ACTION ITEM:
Output every line of the material exactly, omitting images.

RECORDS FOR THIS TASK:

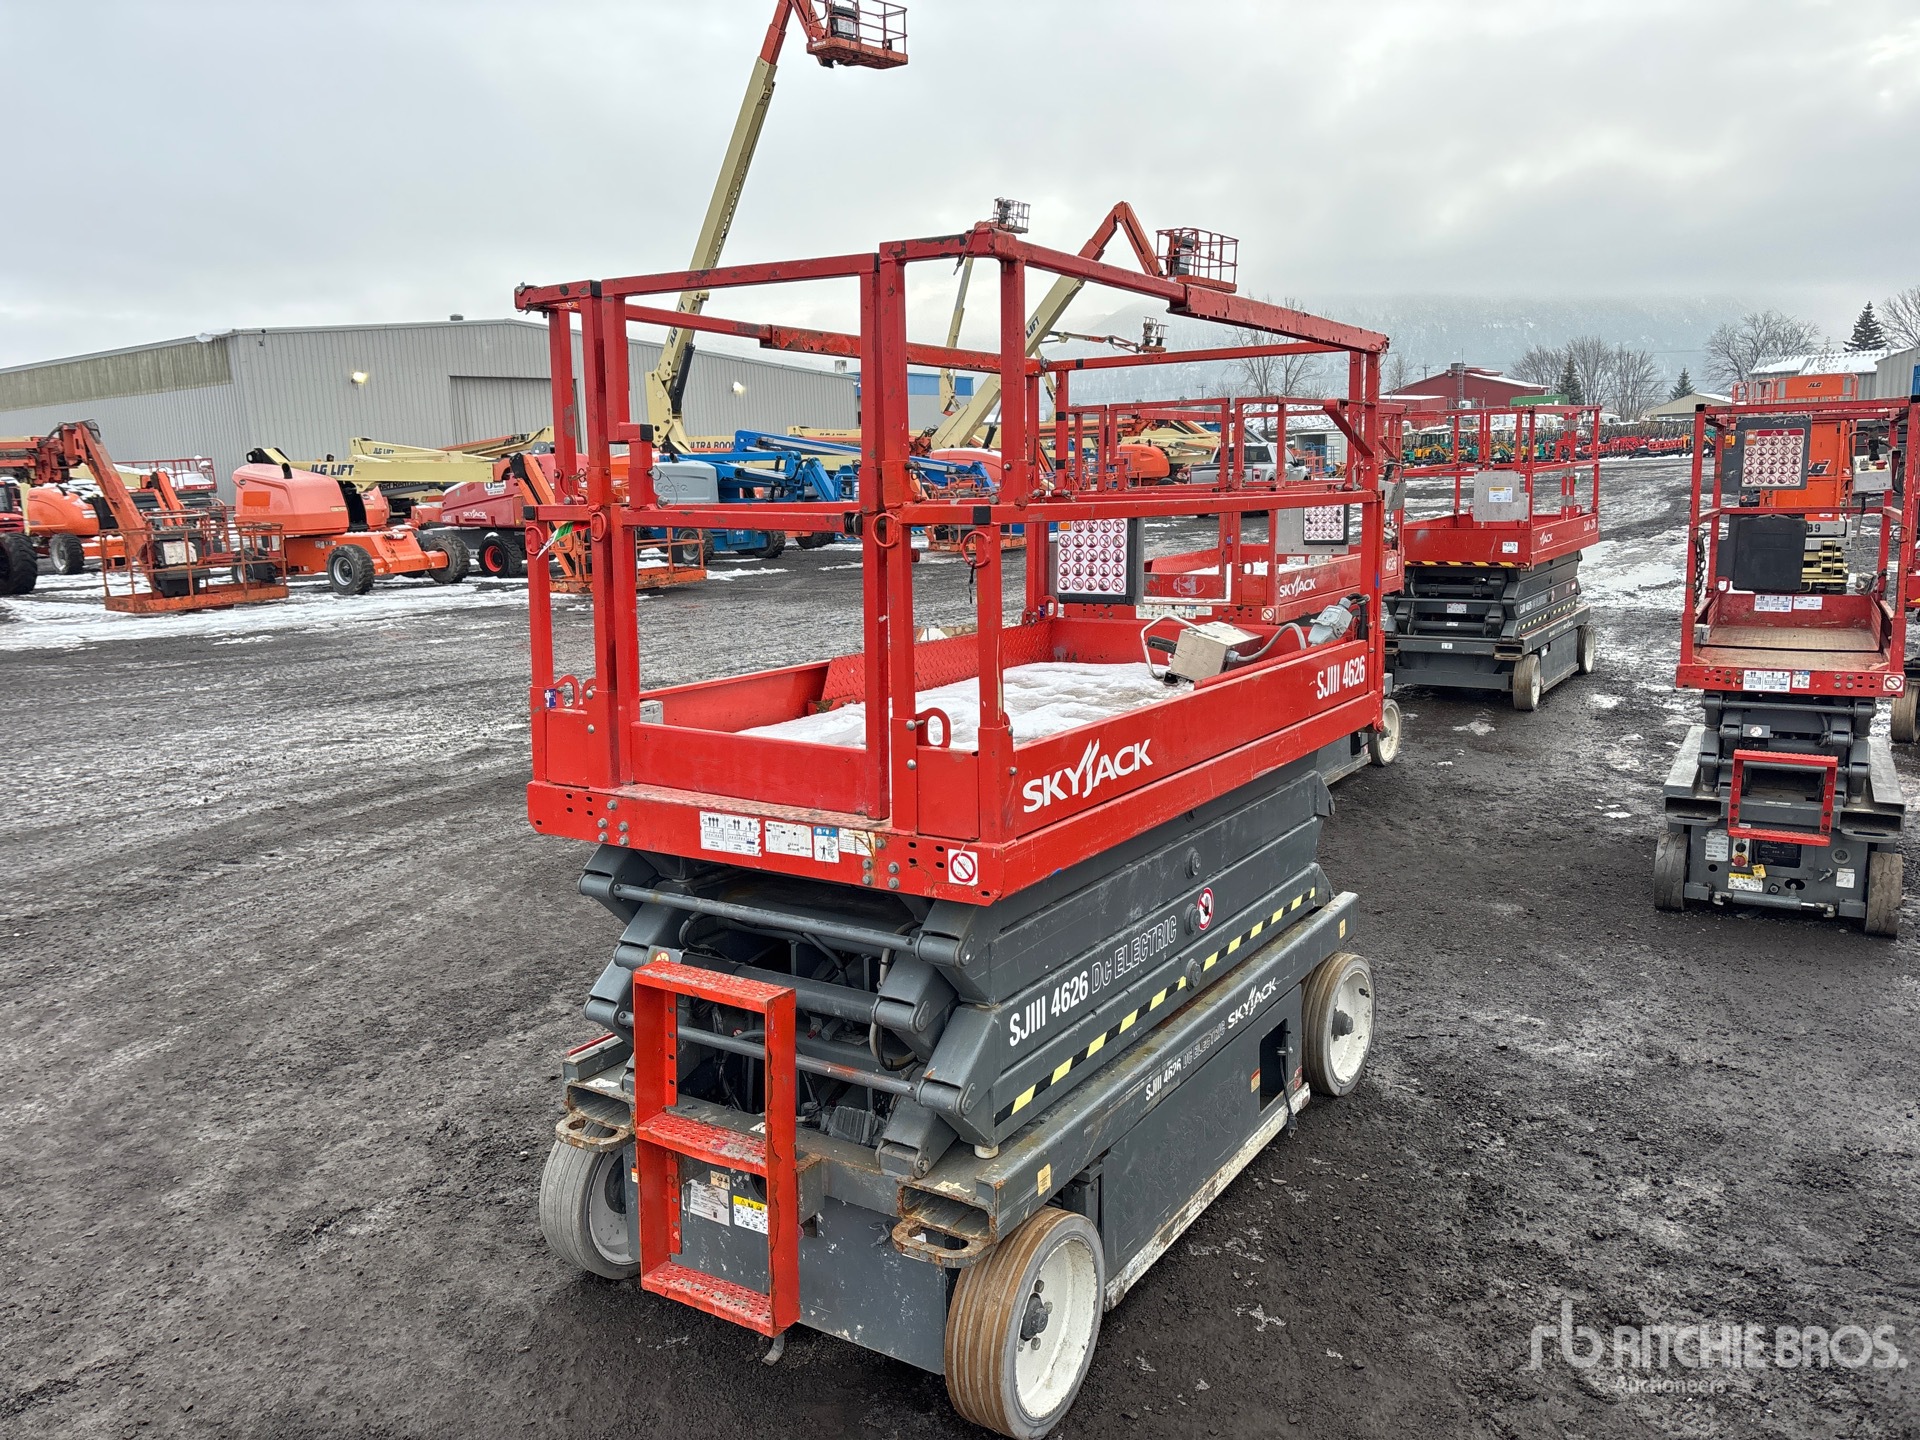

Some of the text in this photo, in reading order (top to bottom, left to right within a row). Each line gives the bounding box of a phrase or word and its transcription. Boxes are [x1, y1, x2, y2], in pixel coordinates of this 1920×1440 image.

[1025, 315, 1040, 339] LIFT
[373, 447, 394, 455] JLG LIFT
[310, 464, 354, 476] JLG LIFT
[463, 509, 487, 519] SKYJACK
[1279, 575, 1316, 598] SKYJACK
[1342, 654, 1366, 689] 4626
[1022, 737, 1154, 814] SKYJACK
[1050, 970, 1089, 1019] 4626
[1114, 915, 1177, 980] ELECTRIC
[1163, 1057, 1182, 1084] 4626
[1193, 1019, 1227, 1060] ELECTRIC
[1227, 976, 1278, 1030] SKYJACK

RESPONSE:
Some of the text in this photo, in reading order (top to bottom, left to right within a row). Each line gives the bounding box of a phrase or word and its transcription. Boxes are [x1, y1, x2, y2], in pixel coordinates of this 1920×1440 image.

[1025, 315, 1040, 339] LIFT
[373, 447, 394, 455] JLG LIFT
[310, 464, 354, 476] JLG LIFT
[463, 509, 487, 519] SKYJACK
[1279, 575, 1316, 598] SKYJACK
[1342, 654, 1366, 689] 4626
[1022, 737, 1154, 814] SKYJACK
[1050, 970, 1089, 1019] 4626
[1114, 915, 1177, 980] ELECTRIC
[1163, 1057, 1182, 1084] 4626
[1193, 1019, 1227, 1060] ELECTRIC
[1227, 976, 1278, 1030] SKYJACK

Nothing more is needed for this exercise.